La Zambardi si apre anche a nuove prospettive artistiche allorquando manifesta il suo estro pittorico anche attraverso la ricodificazione di un’arte come quella della fotografia per ottenere superbi effetti cromatici e intensi giochi di pieni e vuoti, luci e ombre, Interni ed esterni.
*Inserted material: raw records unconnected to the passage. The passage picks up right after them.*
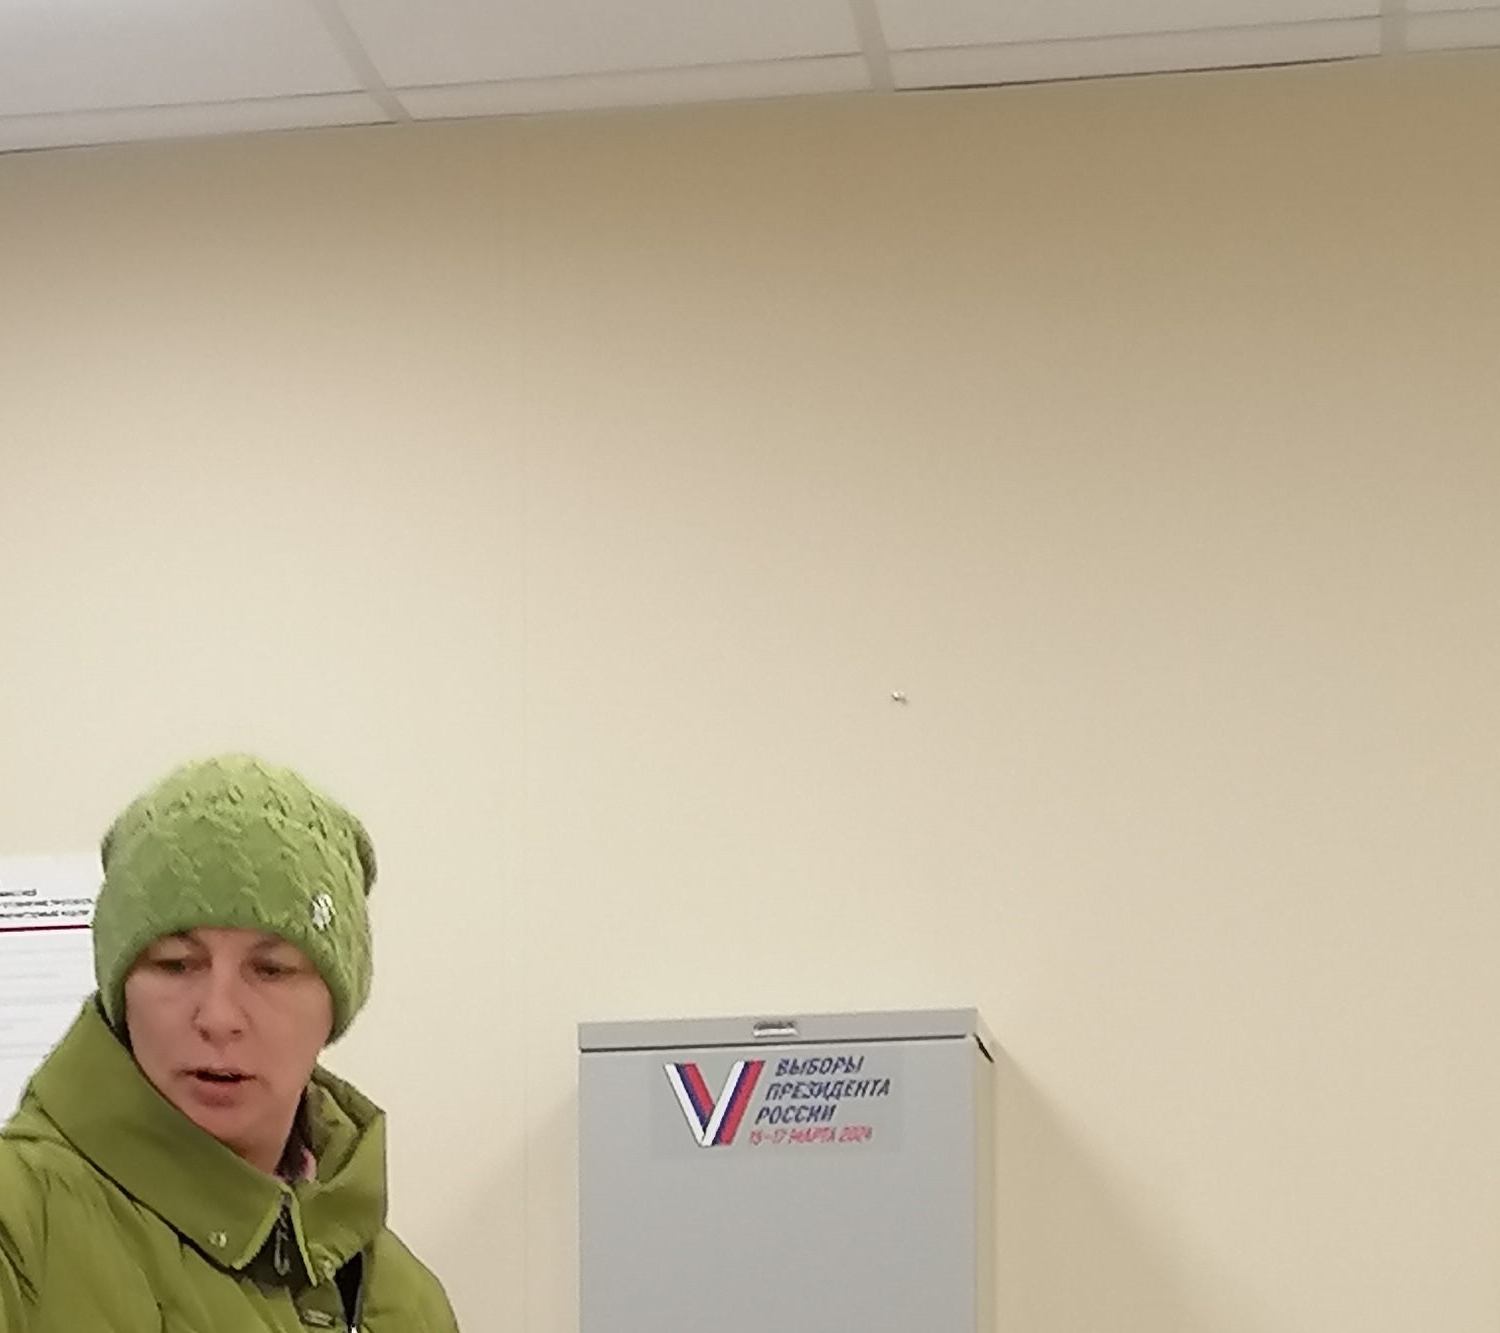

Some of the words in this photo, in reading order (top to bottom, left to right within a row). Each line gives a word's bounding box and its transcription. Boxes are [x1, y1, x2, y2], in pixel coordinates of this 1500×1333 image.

[774, 1055, 866, 1077] ВЫБОРЫ
[765, 1078, 891, 1101] ПРЕЗИДЕНТА
[754, 1104, 837, 1125] РОССИИ
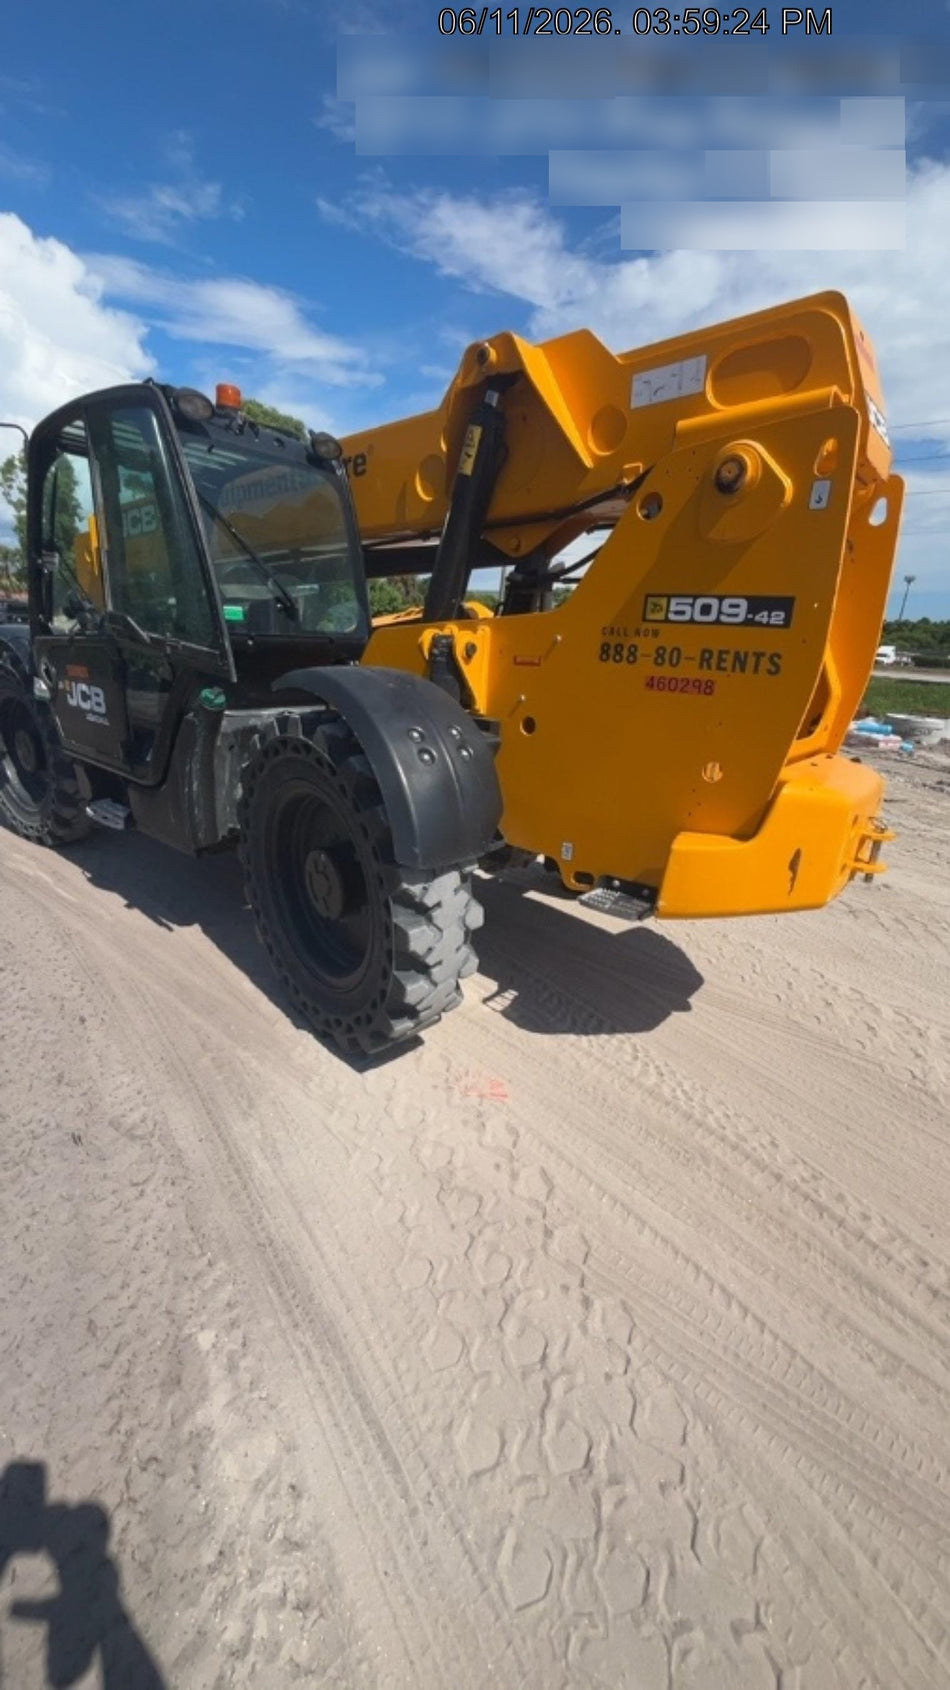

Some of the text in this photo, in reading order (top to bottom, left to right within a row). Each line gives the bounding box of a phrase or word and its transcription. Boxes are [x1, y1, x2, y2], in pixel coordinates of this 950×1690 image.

[602, 626, 660, 639] CALL NOW
[599, 641, 782, 676] 888-80-RENTS
[66, 680, 106, 714] JCB
[645, 675, 716, 696] 460298
Il cuore dell’operazione d’atto profilo intellettuale della Zambardi è tutto lì, nei tracciati che l’anima sa compiere, nel gioco delle forme geometriche perfette/imperfette magistralmente rese, nella circolarità, ad esempio, di una Madre che mantiene in grembo suo figlio, nell’equilibrismo di un’arte potentemente materica, che tracima dalla tela per occupare realmente e idealmente lo spazio d’interscambio con l’osservatore, per fuoriuscire dagli stretti confini dell’opera bidimensionale tradizionale e farsi talora scultura e altorilievo quasi a trattenere il fruitore con le sue lunghe “reti” fisicamente e matericamente presenti. Discesa negli inferi di un Paese in crisi, scoperta magmatica di una verità tricolore, paradiso cromatico di ancestrali richiami, la pittura della Zambardi è la coloritura di un mondo che stenta a trovare un proprio colore, archetipico dispiegarsi di simbologie cabalistiche, furiosa speranza di una palingenesi. Si parte dalla Materia non per arrivare allo Spirito, dunque, ma perché là Materia “è” assolutamente e sicuramente Spirito: la Materia è la chiave di volta della Ri-Modellazione del Reale perché “è” il Reale ed è attraverso di essa che si può auscultare/decifrare il mondo e tentare di cambiarlo. SI, perché si può cambiare il mondo anche con i colori. Tentando di colorare un mondo buio e in agonia. Tentando di vincere le resistenze dell’oscurità. Sì può cambiare il mondo con i colori, ma solo se questi colori non sono l’incitazione campanilistica ad una battaglia basata sulle contrapposizioni e sulle bandiere, bensì sono traccia ed emblema di una volontà di pacificazione totale, cosicché quell’occhio tricolore possa smettere di essere inondato di lacrime e l’Italia – non più divisa in mille e mille frammenti – possa tornare ad essere realmente unita e condivisa. E il cambiamento, l’aspirazione al cambiamento, avviene attraverso la materia, chiave d’indagine del reale, che è riscoperta nel suo valore primigenio di creatrice delle forme della Vita. Di una vita oltre, al di sopra e al di sotto della Vita. Vita che si rinnova in nuovi corpi e in nuove con formazioni. Esattamente come la Materia. Esattamente come il Ciclo Esistenziale Che si auto-rigenera. E si auto-colora. Dei colorì – infiniti – della vita.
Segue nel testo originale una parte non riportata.